▶ WHAT THE EXERCISE ASKS
Reproduce the records that follow in full, excluding any picture they contain.

[Extracted data entries]
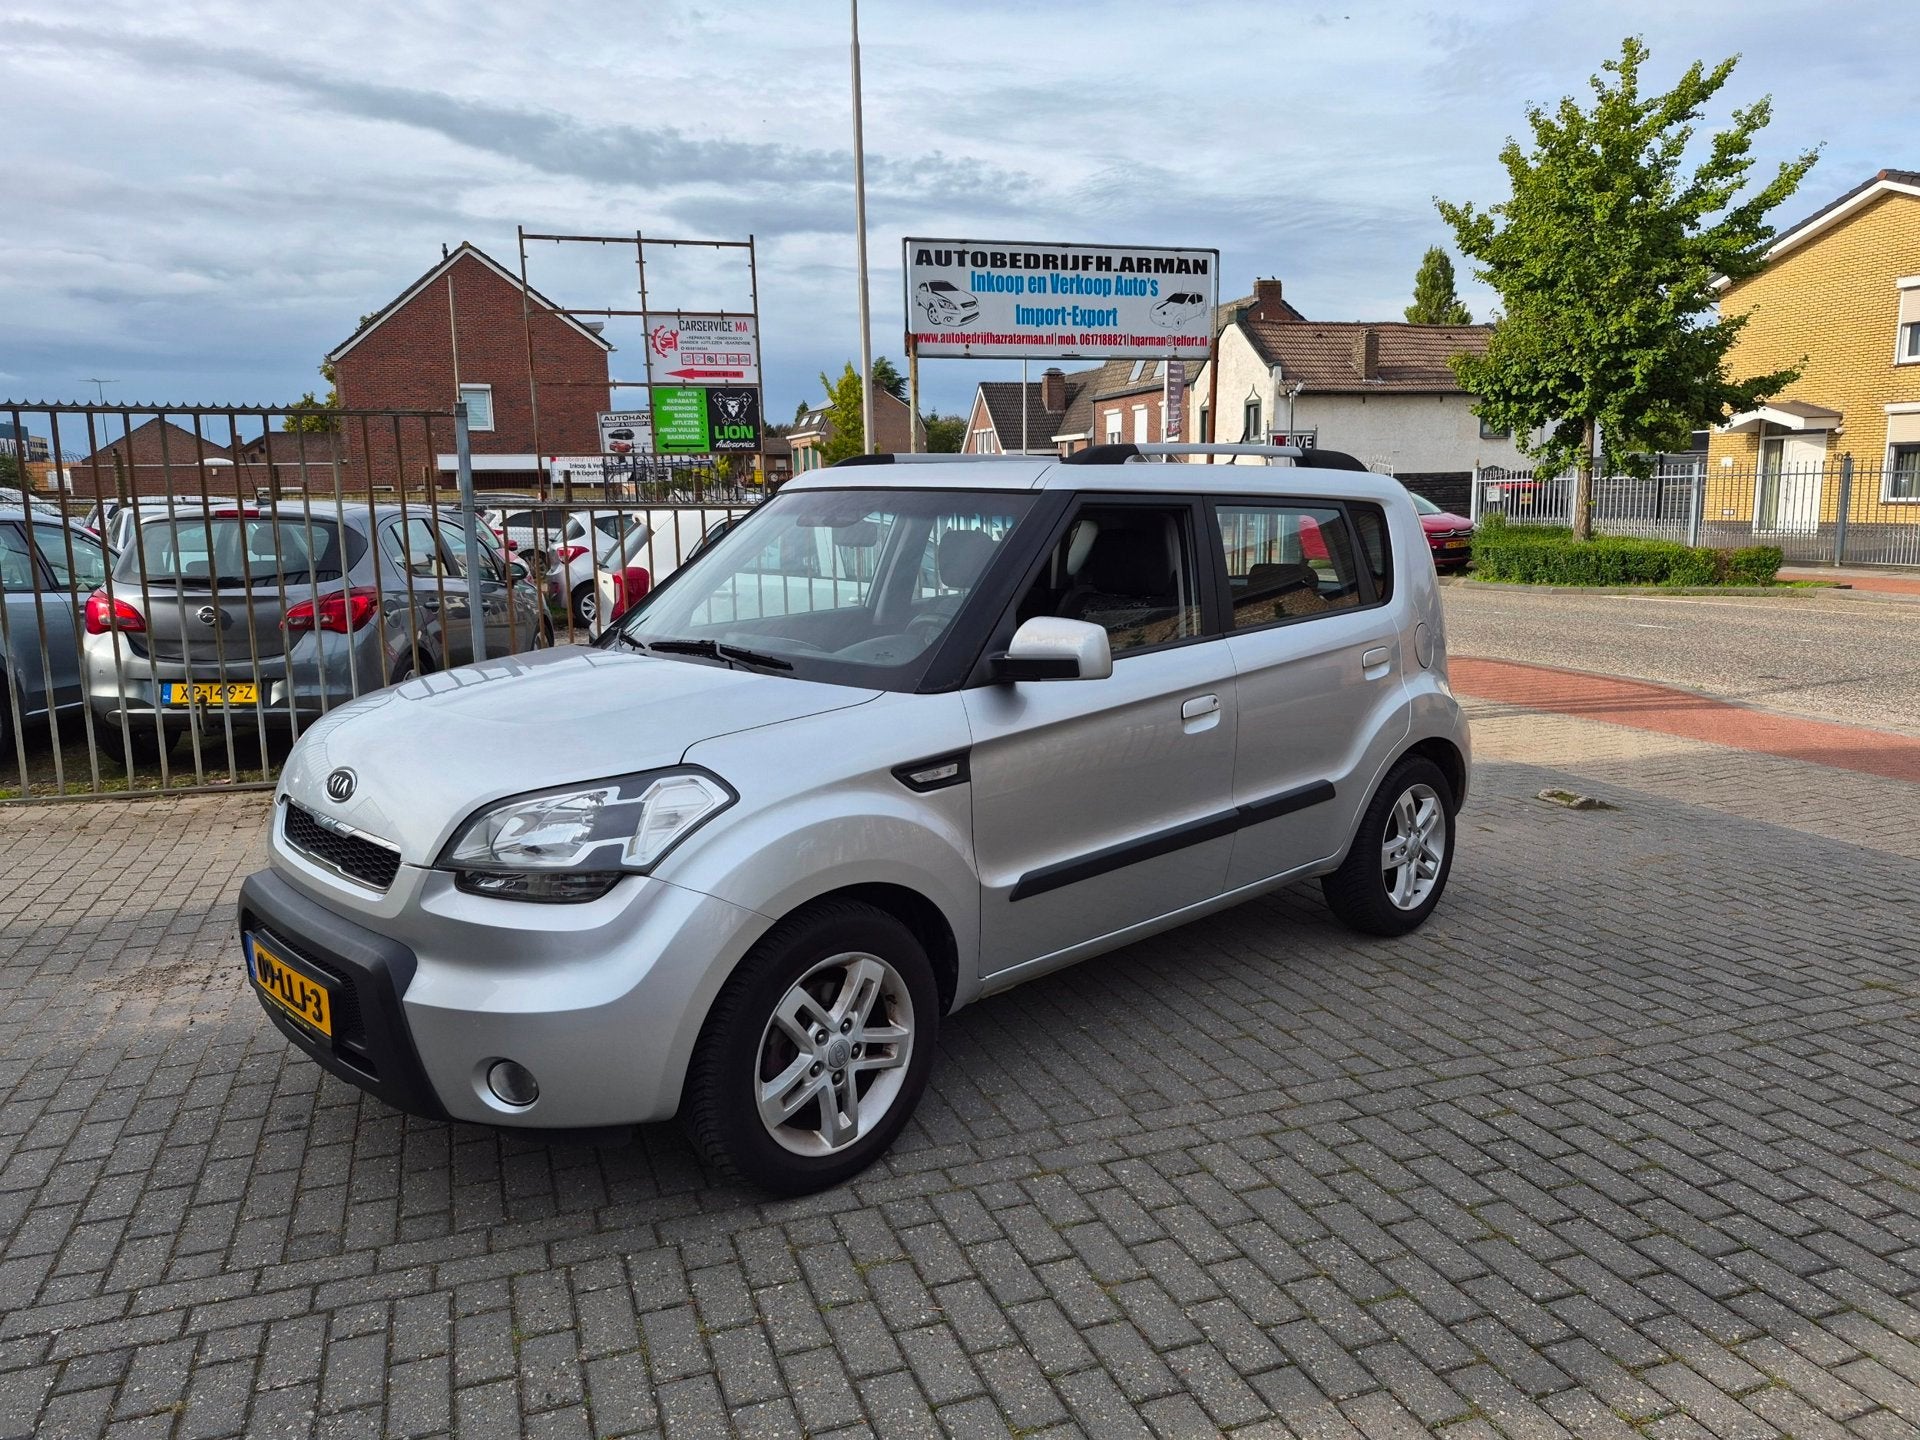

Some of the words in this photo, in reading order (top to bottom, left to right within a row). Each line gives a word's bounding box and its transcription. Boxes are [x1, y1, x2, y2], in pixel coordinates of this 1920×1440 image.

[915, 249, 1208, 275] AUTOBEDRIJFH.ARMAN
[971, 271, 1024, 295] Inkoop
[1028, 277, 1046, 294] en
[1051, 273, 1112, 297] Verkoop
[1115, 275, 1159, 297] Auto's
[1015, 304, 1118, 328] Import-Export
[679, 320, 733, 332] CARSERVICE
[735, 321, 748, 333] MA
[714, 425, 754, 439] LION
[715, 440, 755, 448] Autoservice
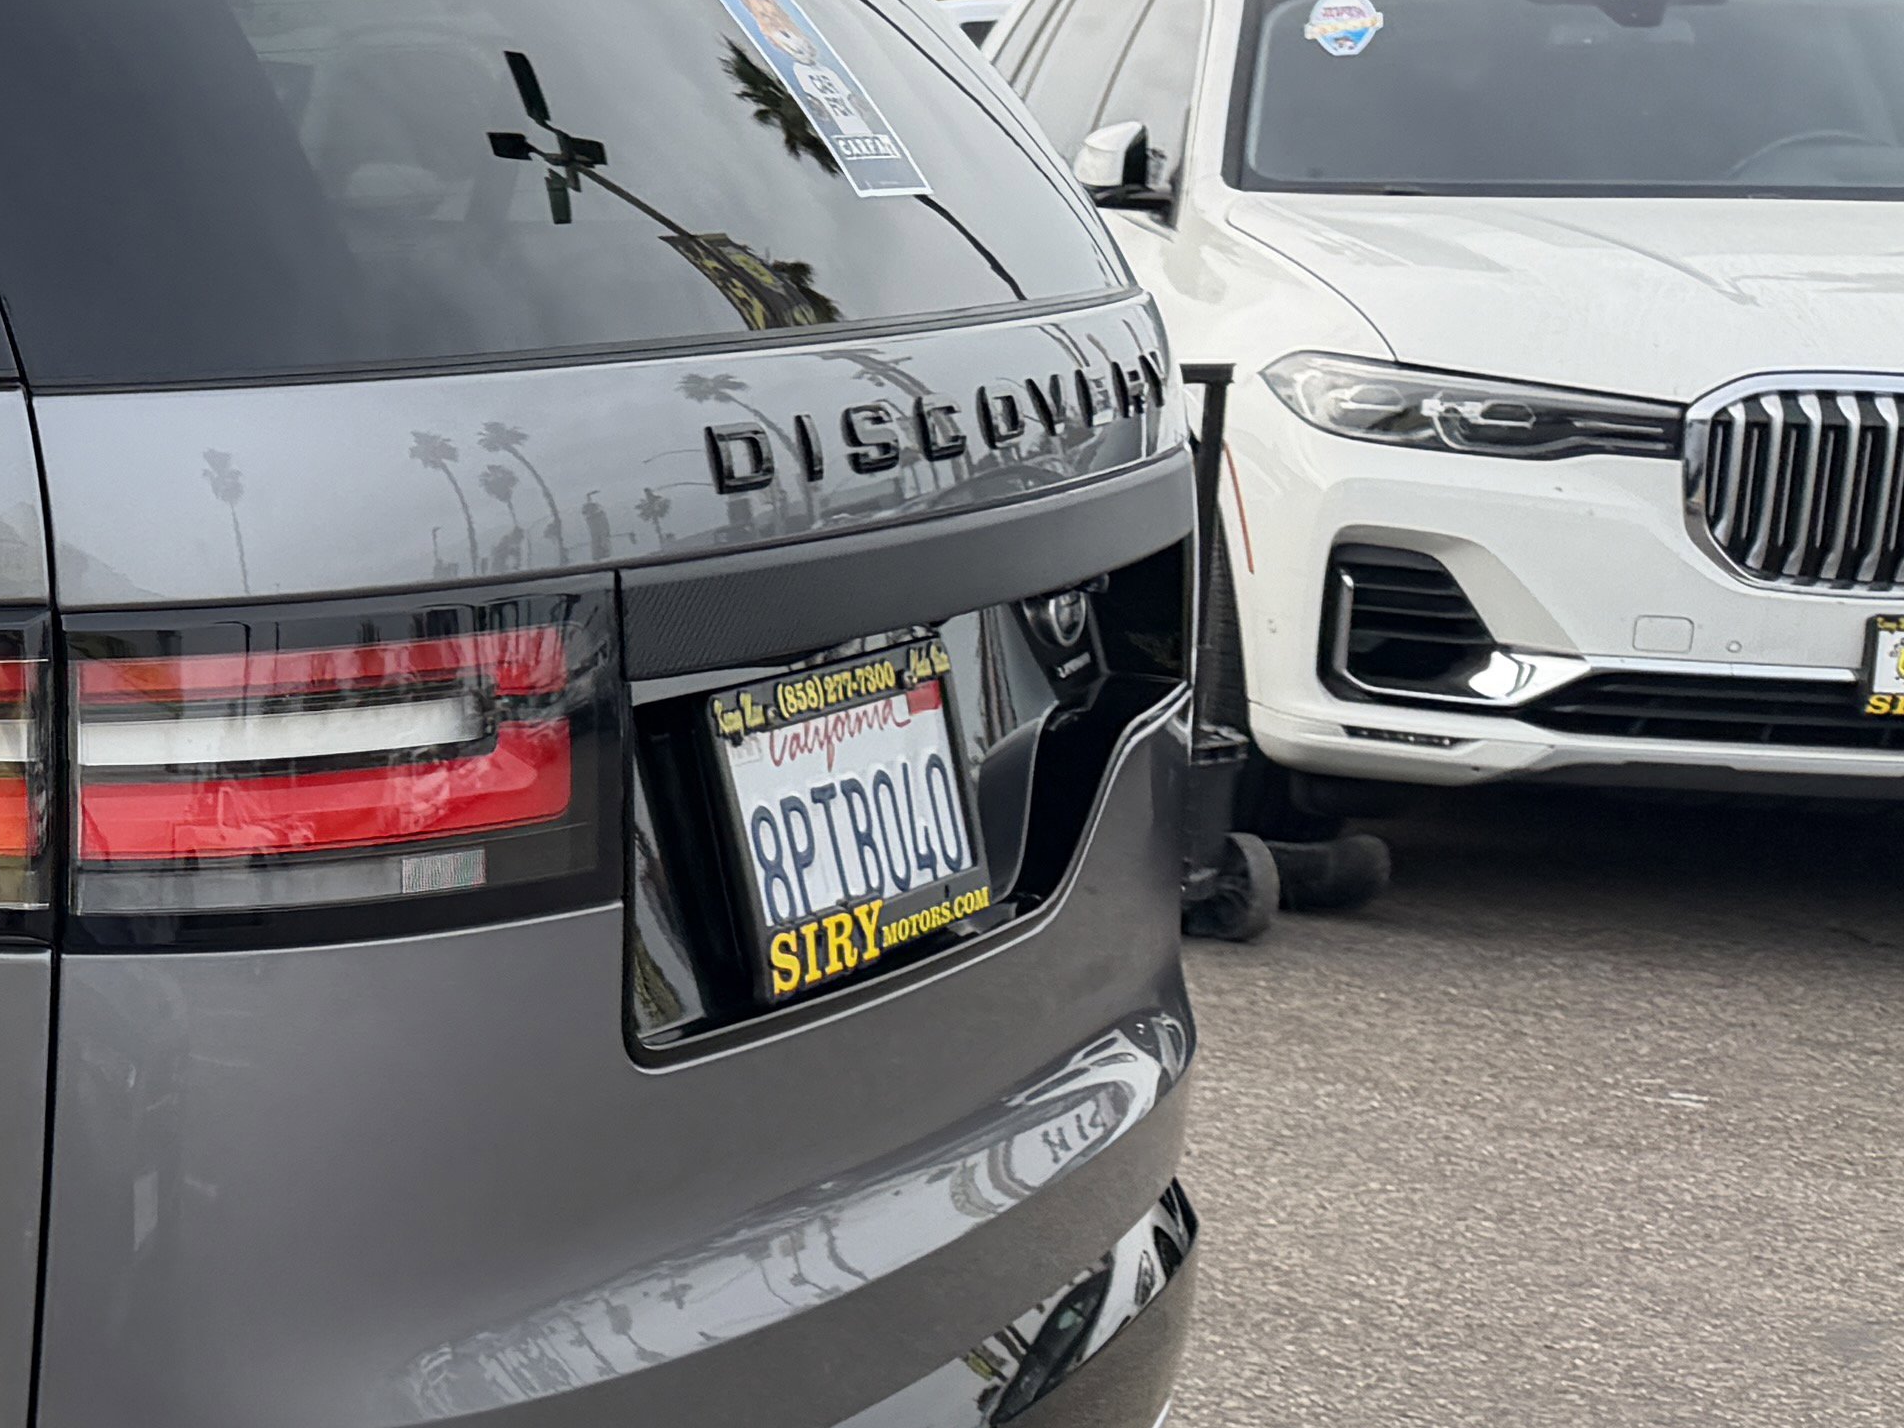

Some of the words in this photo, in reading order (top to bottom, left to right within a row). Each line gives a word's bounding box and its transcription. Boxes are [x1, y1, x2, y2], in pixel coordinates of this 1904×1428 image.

▶ RESULT BELOW
Some of the words in this photo, in reading order (top to bottom, left to right within a row). Each line gives a word's bounding box and its transcription. Boxes are [x1, y1, x2, y2], in pixel coordinates of this 1920×1440 image.

[915, 249, 1208, 275] AUTOBEDRIJFH.ARMAN
[971, 271, 1024, 295] Inkoop
[1028, 277, 1046, 294] en
[1051, 273, 1112, 297] Verkoop
[1115, 275, 1159, 297] Auto's
[1015, 304, 1118, 328] Import-Export
[679, 320, 733, 332] CARSERVICE
[735, 321, 748, 333] MA
[714, 425, 754, 439] LION
[715, 440, 755, 448] Autoservice

Some of the words in this photo, in reading order (top to bottom, left to right within a row). Each line gives a word's bounding box and its transcription. Boxes are [x1, y1, x2, y2], in pixel coordinates of this 1904×1428 image.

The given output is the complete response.